“The bassline sounded incredible, and it was punctuated by the sound of a match being struck; which, at that time, reminded me of the burning torches carried by the white supremacists at Charlottesville, and of the burning crosses of the Ku Klux Klan. So – you can really see how I joined the dots here, I guess – I told Krisz that we should write a song about how to fight the rise of the far-Right, and ‘Firestorm’ is the result – a tune which I hope rouses people, and makes them think.”
We were first made aware of the BBXO project with their break-out single ‘Hard Road To Travel’ earlier this year. It’s the collaborative project of Brixtonboogie founder Krisz Kruezer and influential poet and activist Musa Okwonga. After just a couple of sessions, the pair found themselves in distinct creative roles. Krisz’s background in blues and urban music, described by leading German media as “Blues for the 21st Century” and “the reincarnation of the blues”, meant that he fell into the instrumentation and production role. Musa however, brings the poignant social commentary that forms the topline.

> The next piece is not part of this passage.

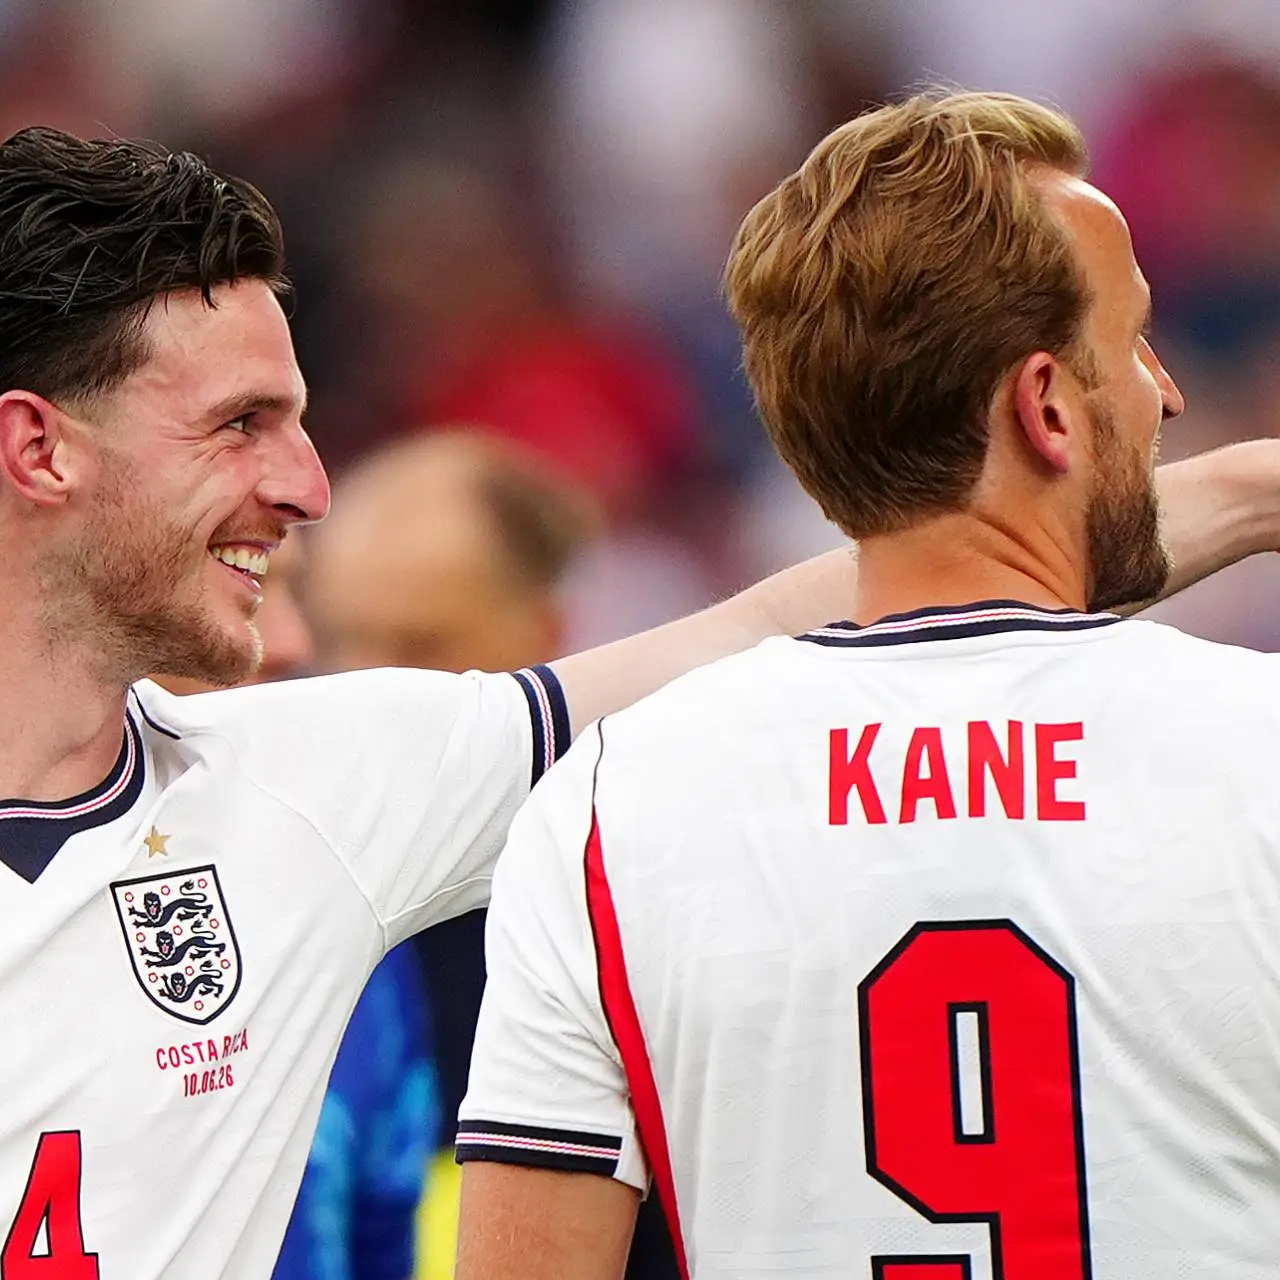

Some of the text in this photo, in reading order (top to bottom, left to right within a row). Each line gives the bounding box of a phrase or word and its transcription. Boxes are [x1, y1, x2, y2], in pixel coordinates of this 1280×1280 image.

[828, 719, 1086, 825] KANE
[156, 1039, 218, 1070] COSTA
[183, 1064, 234, 1097] 10.06.26

For Musa, the BBXO mantra is synonymous with his work over the last decade. As a journalist, he’s been exploring the resurgence of the far-right in recent years, contributing to a number of publications including The New York Times. Notably, Musa has been taking an in-depth look at how far-right groups use refugees as a scapegoat for all that’s wrong with modern Germany. Lyrically, ‘Firestorm’ is Musa’s most poignant effort to bring his political views and journalism into his musical output..
‘Firestorm’ is the musical incarnation of a plague that’s casting a shadow over one of our favourite cities. Hopefully an issue that can be brought to light.